Sesso, droga e Rolling Stones: guarda il documentario 'Cocksucker Blues'

La scomparsa di Robert Frank ha riacceso i riflettori su questo lungometraggio, così trasgressivo che persino Mick Jagger e Keith Richards cercarono di 'insabbiarlo'. Ma che è sopravvissuto alla propria leggenda...

Sesso, droga e Rolling Stones: guarda il documentario 'Cocksucker Blues'

Già il titolo - traducibile in italiano più o meno come "blues del succhiacazzi" - non è che fosse eccessivamente family friendly, specie negli Stati Uniti dei primi anni Settanta, i cui margini di tolleranza "commerciale", in materia di profanità, erano pressoché nulli. Non stupisce, quindi, che "Cocksucker Blues" il film documentario diretto da Robert Frank - il maestro della fotografia scomparso ieri all'età di 94 anni - sia circondato da un alone di leggenda, prima ancora che circa il suo contenuto riguardo la sua "distribuzione": la pellicola, che fissa su nastro il tour americano tenuto dai Rolling Stones nel 1972 per promuovere "Exile on Main Street", fu girata secondo i canoni del cinema verità, con diverse macchine da presa portatili a disposizione dello staff del gruppo di "Paint It Black", diventato così una sorta di operatore corale in grado di catturare ogni sfumatura della vita on the road della band che mancava dagli USA dal '69, anno del maledetto concerto ad Altamont.

E le sfumature, la troupe improvvisata, le catturò eccome: sulla pellicola finirono Mick Taylor impegnato a fumarsi una canna con un roadie, Mick Jagger a tirare cocaina in un backstage, groupie intente a fare le groupie con una band che non aveva nessuna intenzione di tirarsi indietro di fronte a qualsiasi tipo di avance e, addirittura, una ragazza intenta a iniettarsi una dose di eroina in una stanza di albergo. Non proprio un film mainstream, insomma.
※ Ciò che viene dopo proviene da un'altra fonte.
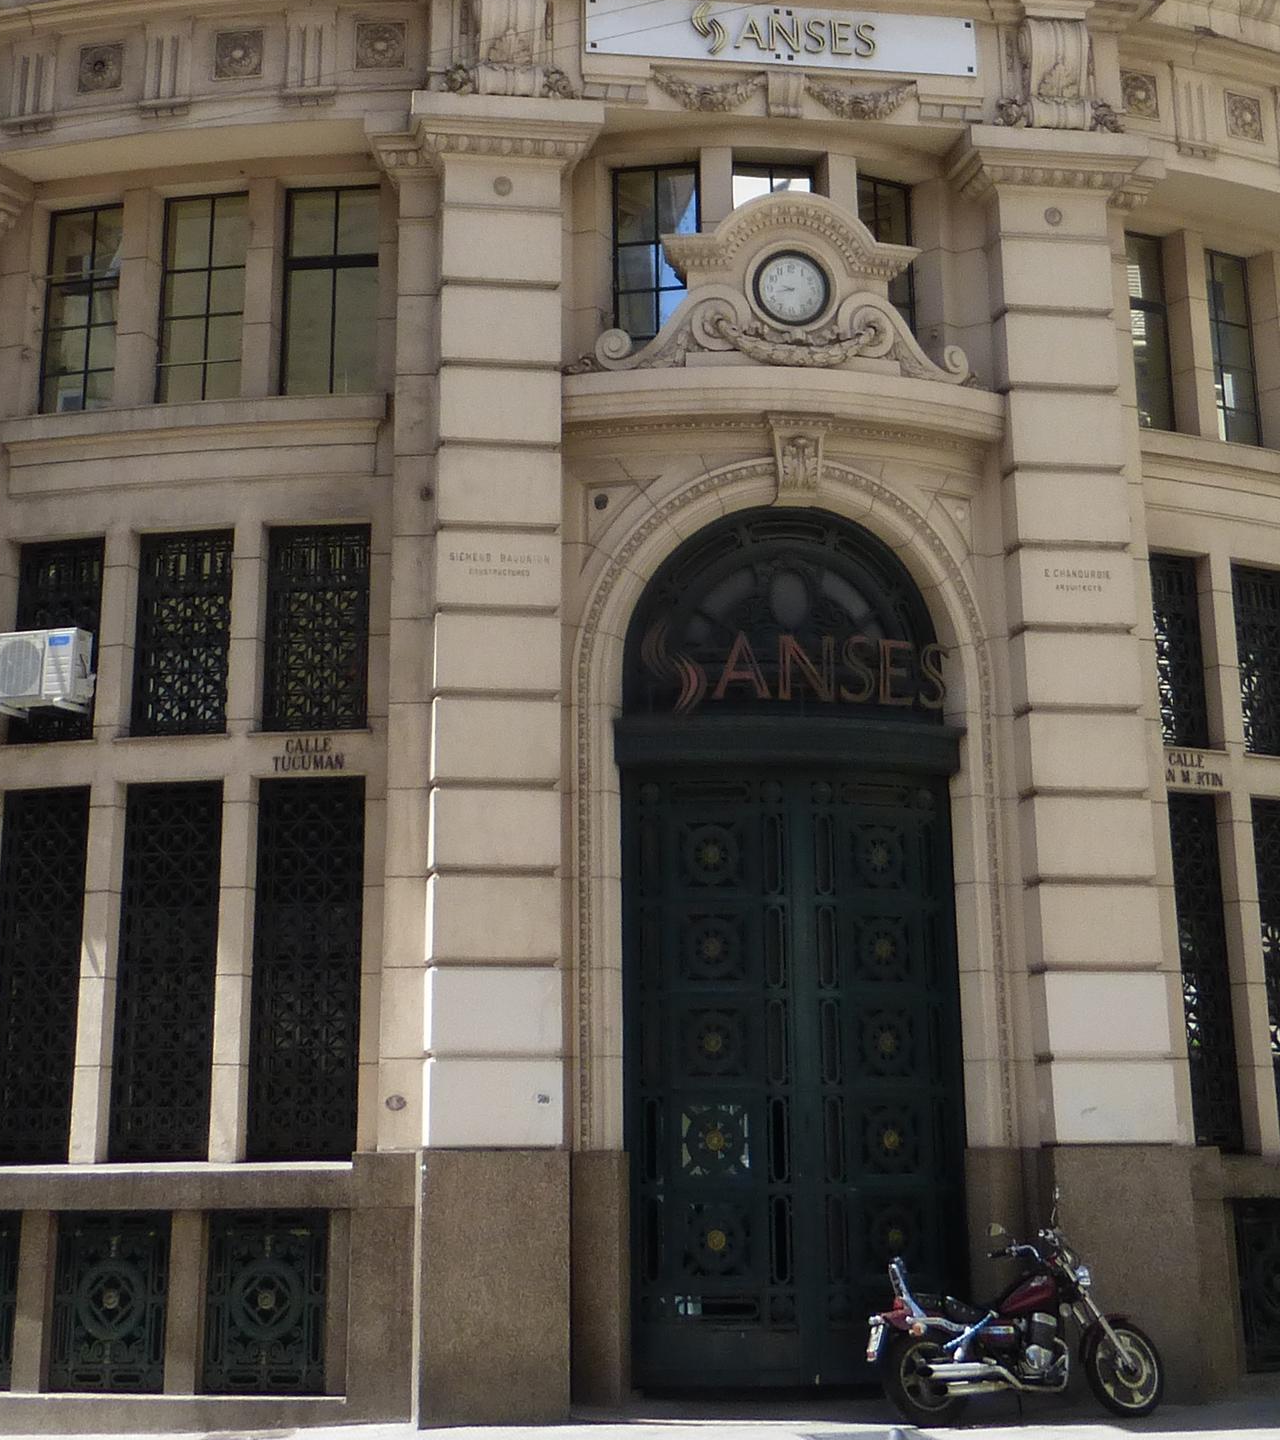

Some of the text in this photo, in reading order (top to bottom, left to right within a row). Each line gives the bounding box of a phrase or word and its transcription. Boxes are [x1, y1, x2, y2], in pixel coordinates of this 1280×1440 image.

La Decca, l'etichetta alla quale i Rolling Stones sarebbero stati legati ancora per pochi mesi - il brano "Schoolboy Blues", meglio conosciuto, appunto, come "Cocksucker Blues", fu la dedica che Jagger fece ai discografici della casa londinese quando gli chiesero un ultimo singolo prima di risolvere definitivamente l'accordo e liberare una volta per tutte il gruppo, che sarebbe passato poi all'etichetta di proprietà Rolling Stones Records - di far circolare il brano non ne volle sapere. E questo non stupisce. Ma nemmeno la stessa band se la sentì di esporsi in modo così crudo, e quindi si rivolse al giudice: Jagger e compagni ottennero dal tribunale un'ordinanza che permetteva la proiezione del film solo in presenza dell'autore - Frank - e non più di quattro volte all'anno.

Sarebbe stato necessario aspettare fino al 2012 per vedere "Cocksucker Blues" proiettato al MOMA di New York in occasione di una rassegna cinematografica dedicata ai Rolling Stones: la mossa dell'istituzione della Grande Mela diede coraggio ai direttori artistici, tanto che un proiezione venne replicata a Cleveland un anno dopo, e negli anni successivi in altre località americane. Ma il tempi sono cambiati, e cioè che prima era così scandaloso da terrorizzare la band che della trasgressione fece una delle sue bandiere, oggi è comodamente visibile su YouTube.